• RECORDS FOR THIS EXERCISE
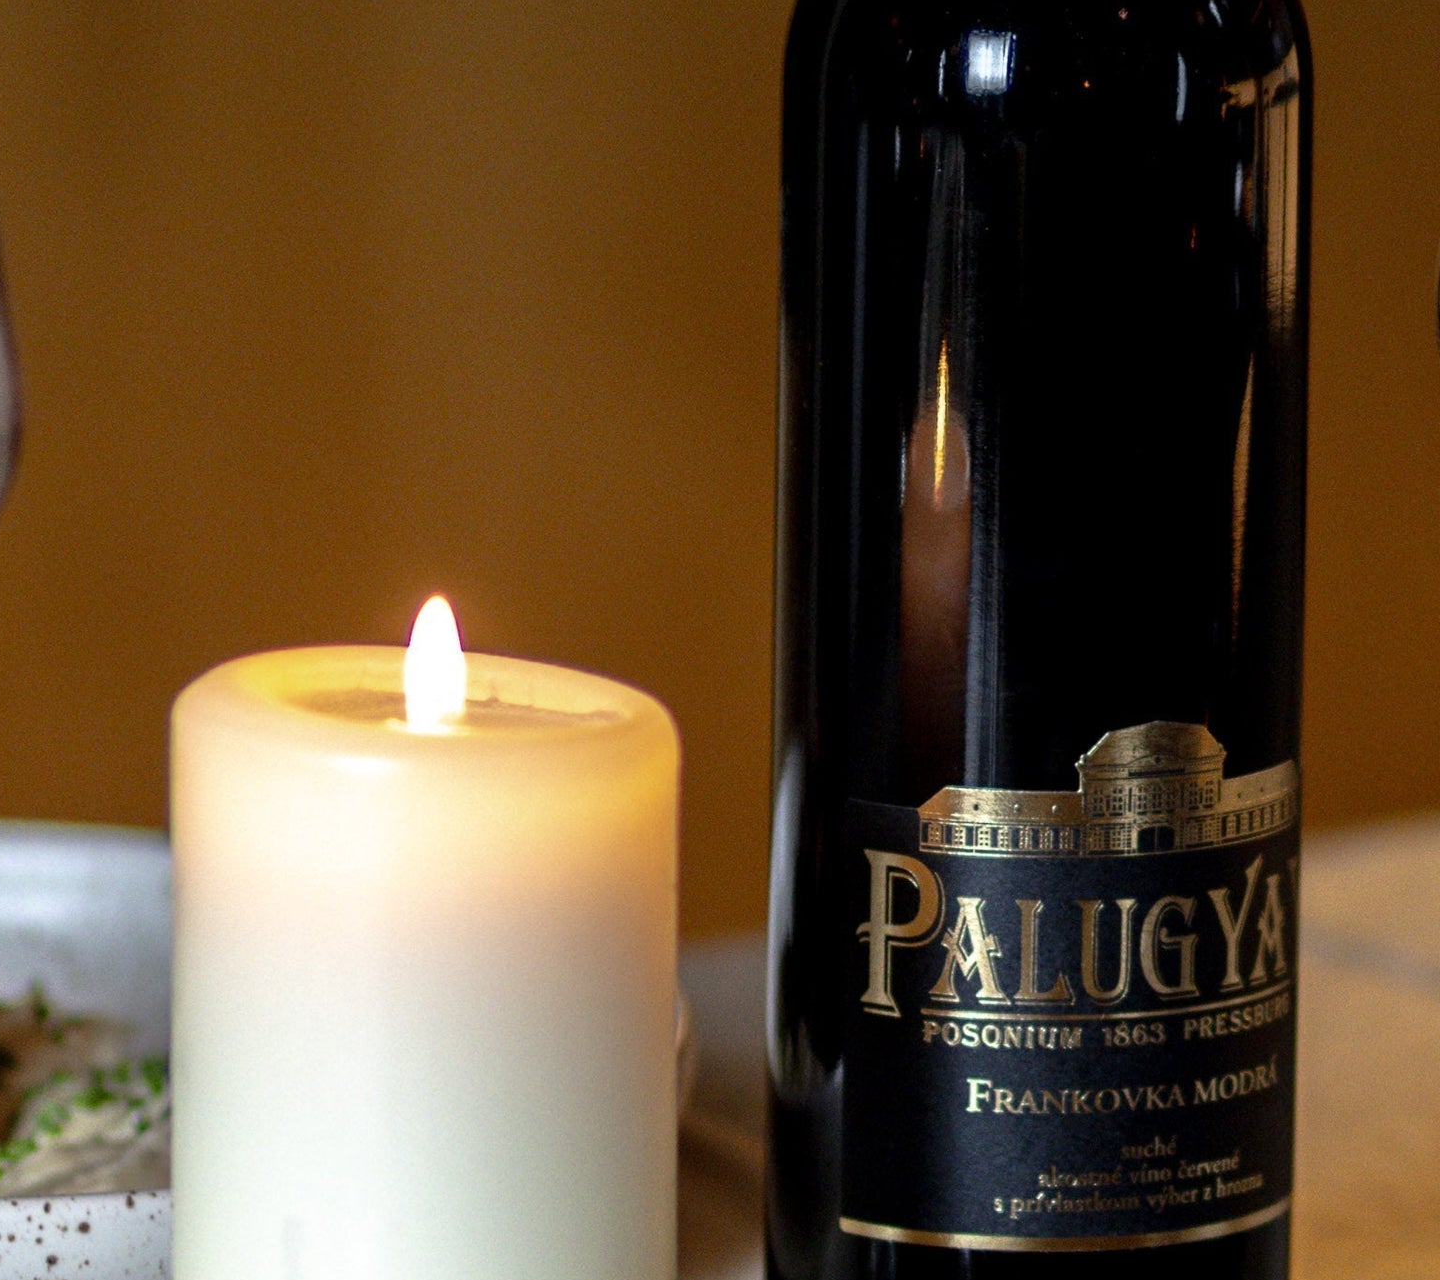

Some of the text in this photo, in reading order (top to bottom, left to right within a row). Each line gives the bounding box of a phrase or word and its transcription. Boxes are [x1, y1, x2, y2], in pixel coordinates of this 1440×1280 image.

[855, 848, 1298, 1017] PALUGYA
[922, 1020, 1082, 1050] POSONIUM
[1102, 1021, 1167, 1048] 1863
[966, 1054, 1278, 1114] FRANKOVKA MODRÁ
[1120, 1135, 1177, 1159] suché
[993, 1196, 1004, 1214] s

• WHAT YOU NEED TO DO
Please transcribe every entry exactly as written, leaving the pictures out.

• RESULT
Some of the text in this photo, in reading order (top to bottom, left to right within a row). Each line gives the bounding box of a phrase or word and its transcription. Boxes are [x1, y1, x2, y2], in pixel coordinates of this 1440×1280 image.

[855, 848, 1298, 1017] PALUGYA
[922, 1020, 1082, 1050] POSONIUM
[1102, 1021, 1167, 1048] 1863
[966, 1054, 1278, 1114] FRANKOVKA MODRÁ
[1120, 1135, 1177, 1159] suché
[993, 1196, 1004, 1214] s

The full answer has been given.